Citizen science helps predict spread of sudden oak death

May 01, 2015
two volunteers collect samples

Two volunteers collect samples in the East Bay during the 2014 SOD Blitz. (Photo by Douglas Schmidt, UC Berkeley)

BERKELEY — Efforts to predict the emergence and spread of sudden oak death, an infectious tree-killing disease, have gotten a big boost from the work of grassroots volunteers.

A joint study reveals the power of citizen science in SOD Blitz, a survey project in which volunteers are trained to identify symptoms of sudden oak death. Led by Matteo Garbelotto at UC Berkeley and Ross Meentemeyer at North Carolina State University, the study was published today (Friday, May 1) in the journal Frontiers in Ecology and the Environment.

Sudden oak death is a fungus-like disease that has felled hundreds of thousands of trees in California. Crowdsourcing the survey and sampling work allowed researchers to gather information that would otherwise be too impractical and cost-prohibitive to obtain. Researchers then used the data to create a model that predicts the presence of the sudden oak death pathogen, Phytophthora ramorum, based upon such variables as rainfall and density of host trees.

Study authors compared the model based upon crowdsourced data gathered from the 2008-2013 blitzes with models using “pre-Blitz” research observations collected from 2000 to 2007. They found the SOD Blitz model to be more powerful, correctly predicting the presence of the pathogen 74 percent of the time, compared with models based on other sources of data.

This laminated card is given to SOD Blitz volunteers as part of a package with collection materials.
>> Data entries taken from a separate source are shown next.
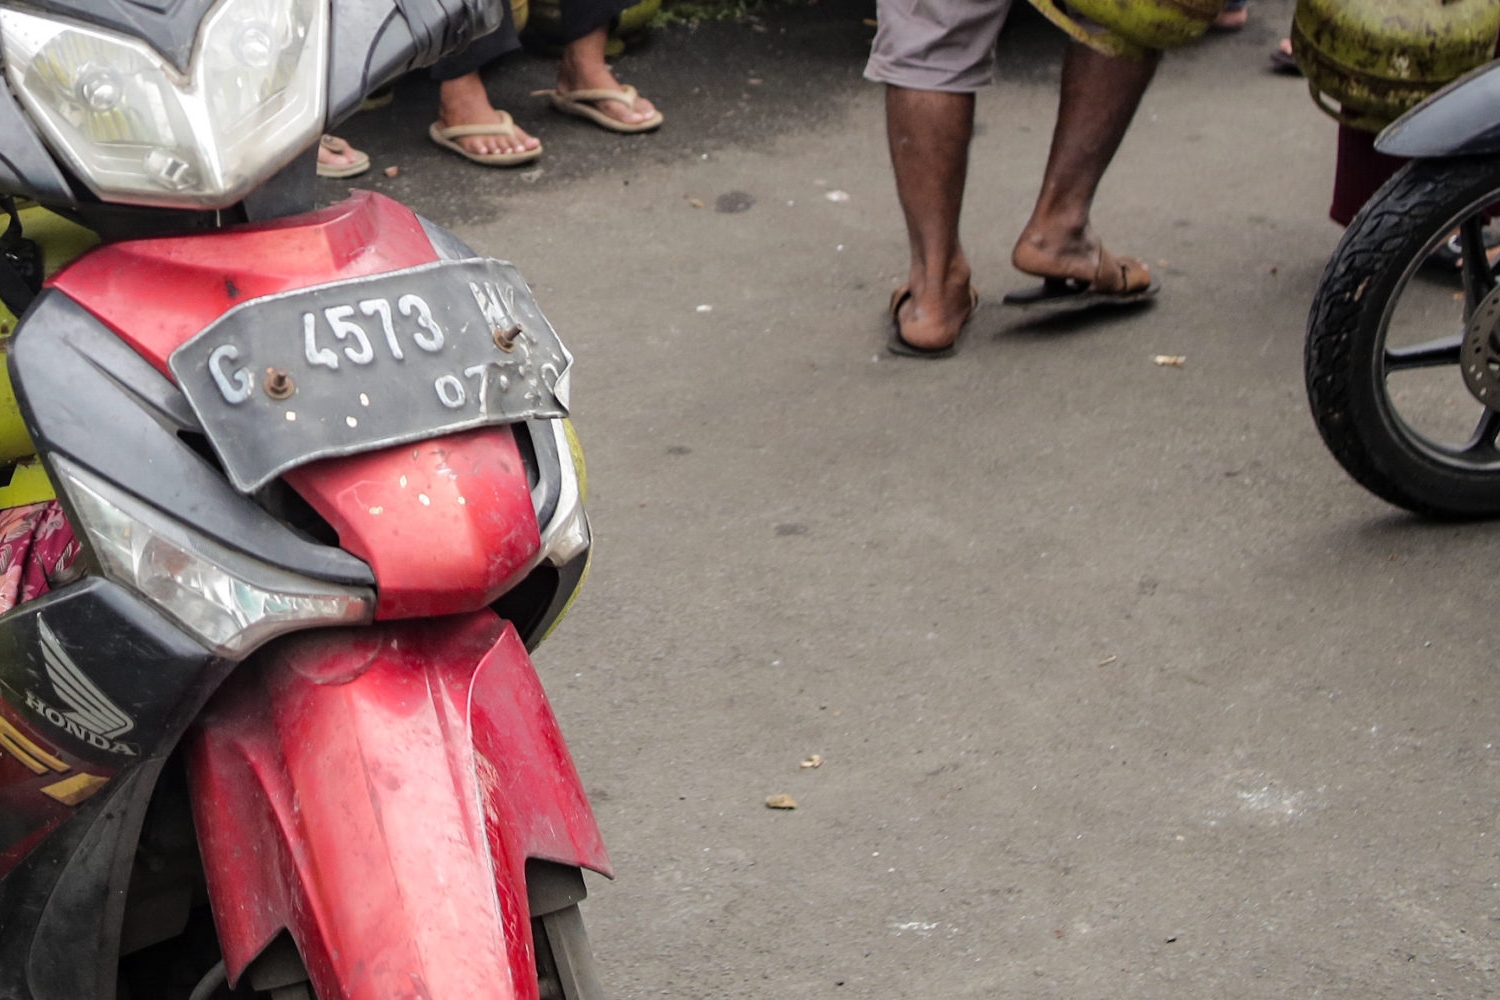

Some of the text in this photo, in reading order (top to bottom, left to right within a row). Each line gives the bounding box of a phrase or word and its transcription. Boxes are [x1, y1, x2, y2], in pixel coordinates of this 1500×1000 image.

[208, 344, 254, 405] G
[303, 292, 445, 370] 4573
[25, 690, 139, 757] HONDA
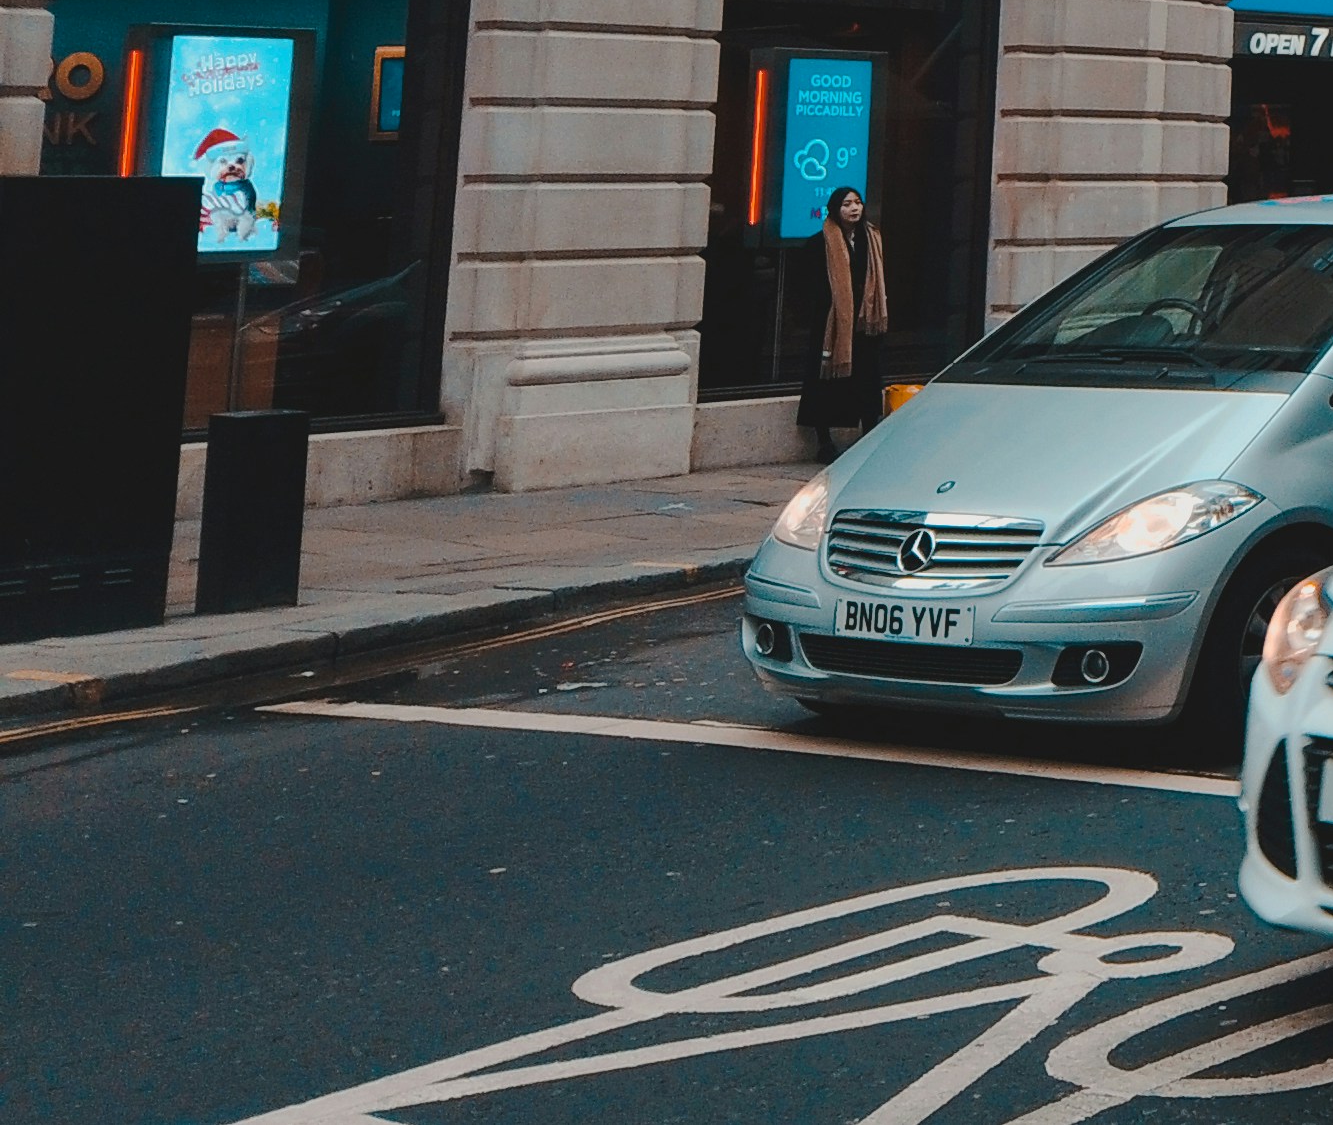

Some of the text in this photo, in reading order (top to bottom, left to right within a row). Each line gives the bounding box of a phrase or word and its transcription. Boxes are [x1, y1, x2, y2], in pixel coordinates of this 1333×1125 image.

[1250, 32, 1306, 56] OPEN
[1310, 27, 1329, 56] 7
[200, 52, 258, 72] Happy
[189, 74, 264, 96] Holidays
[810, 74, 852, 88] GOOD
[798, 90, 863, 105] MORNING
[795, 105, 864, 117] PICCADILLY
[844, 600, 961, 638] BN06 YVF
This laminated card is given to SOD Blitz volunteers as part of a package with collection materials. The card helps citizen scientists correctly identify signs of SOD infection.

“This paper shows that volunteers are as proficient as professionals in collecting data after they get some initial training,” said study principal investigator Garbelotto, an adjunct professor and cooperative extension specialist at UC Berkeley’s Department of Environmental Science, Policy and Management. “The data we got from SOD Blitz resulted in the formulation of the best predictive model yet about the spread of sudden oak death in California. Additionally, we were able to identify new infestations and identify trees that needed to be removed. In one case, in Atherton, tree removal resulted in the only successful eradication of the pathogen in North America.”

The SOD Blitz model also revealed novel findings about the spread of the disease, finding that average population density and average maximum temperature were negatively correlated with the presence of the sudden oak death pathogen.

“The population density finding is important because of the debate about the role of humans in spreading sudden oak death disease,” said Garbelotto. “From this work we can say that humans are not currently spreading the disease, and that the pathogen is doing well spreading on its own.”